O Internacionalista n° 25 / NOTAS OPERÁRIAS / março de 2025
Reabertura da Fafen PR
Burocracia da FUP, que ajudou a fechar a produção e chutar para a rua os operários na Fafen, agora festeja sua reabertura como uma conquista do governo Lula
Cinco anos depois da assembleia que aprovou o fechamento da fábrica, a direção do Sindiquímica-RR, informou no dia 03/03 a reabertura da Fafen (Fábrica de Fertilizantes Nitrogenados do Paraná).
No dia 03 de março de 2020, a direção sindical teve um papel traidor na assembleia, ao apresentar as duas alternativas apresentadas pela patronal (Petrobrás) e o TST (tribunal Superior do Trabalho) como únicas a serem votadas: com ou sem a quitação dos débitos de direitos previstos no contrato coletivo. Nem cogitaram defender os empregos e evitar o fechamento, votando a ocupação da fábrica e a luta em defesa dos empregos. Apenas submeteram à votação aceitar as demissões e o fechamento. Neste momento, não havia qualquer perspectiva de que poderia existir a reabertura da fábrica, como colocada anos depois. Assim, a direção pelega empurrava os operários ao desemprego e à barbárie, logo no começo da Pandemia.
O dirigente do setor jurídico do Sindiquímica-RR, Reginaldo Lopes, afirma no site da FUP, que “Não foi uma decisão que expressou a vontade da maioria da categoria. Viemos com proposta pronta do TST e não foi sob crivo da negociação: foi sob o crivo da ameaça”. Quer dizer que os dirigentes da FUP, ao invés de mobilizar a categoria em defesa dos empregos, trouxeram a ameaça encaminhada por escrito como “proposta”, e eles a defenderam. Para se acobertar dessa traição, os burocratas afirmam que a aceitação na assembleia do fechamento evitou processos contra os grevistas da greve de 2020. Mais uma vez, nada da luta coletiva e unitária da categoria para impedir esses ataques com a luta de classes.
Para os burocratas, a reabertura da Fafen é graças ao governo Lula, enquanto seu fechamento foi de responsabilidade do governo Bolsonaro. Essa declaração demonstra até que ponto chegou o peleguismo dessa burocracia encastelada por décadas no sindicato. Mas, não esconde o fato de que a principal responsabilidade recai na direção do Sindiquímica-RR, da FUP e da CUT: quem levou a proposta do fechamento foi a direção sindical, em nome da patronal e dos interesses eleitorais do PT. O mesmo fizeram quando das massivas manifestações de 2021, ao se negarem a radicalizar a luta pela derrubada do governo Bolsonaro, e encerraram o movimento em nome da aliança eleitoral do PT para 2022.
O que fez a burocracia vendida não deve ser esquecido pelos operários conscientes.
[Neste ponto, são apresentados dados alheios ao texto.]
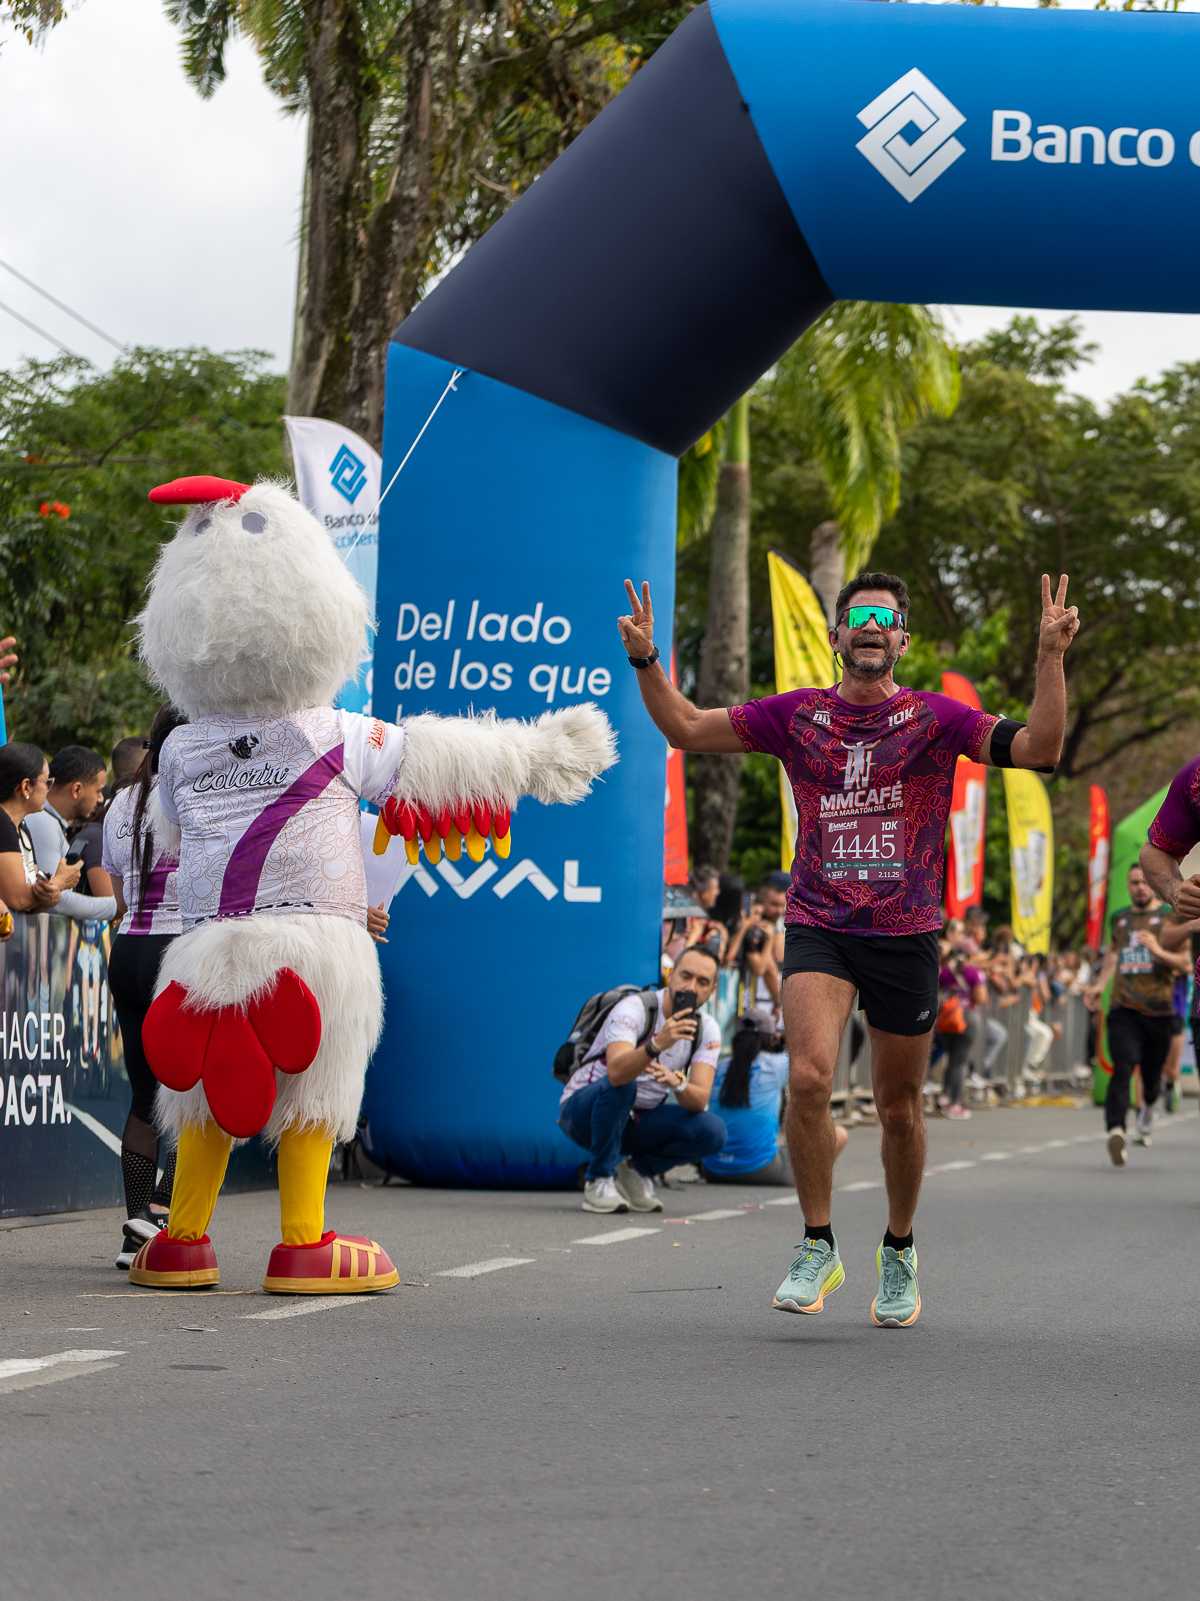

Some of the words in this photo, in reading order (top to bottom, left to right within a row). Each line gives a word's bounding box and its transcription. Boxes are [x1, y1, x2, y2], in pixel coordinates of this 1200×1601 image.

Não desconhecemos que a reabertura é uma boa notícia para quem somente depende de vender sua força de trabalho por um salário rebaixado para levar comida à mesa (cada vez mais cara) e pagar moradia, serviços, etc. Os burocratas têm garantido seus ganhos e privilégios das cotizações dos trabalhadores, sem sofrer junto deles pelas desgraças do desemprego. Somente uma direção que não se venda ao patronato e que esteja disposta a fazer a luta de classes em defesa dos empregos é que travar a luta e abrir a possibilidade de não se perderem cinco anos de trabalho dos operários, na mais absoluta incerteza.
Fica evidente a urgência e necessidade de construir uma oposição revolucionária e as frações classistas e revolucionárias no interior da categoria dos operários petroleiros e petroquímicos. É assim que a categoria terá sua cabeça erguida, apesar das derrotas conjunturais.
Com uma direção que já traiu tanto, as próximas greves estarão outra vez sob ameaça de serem vendidas! Com uma direção classista, as ameaças serão efetivamente respondidas com a luta de classes, a ocupação das fábricas e as greves!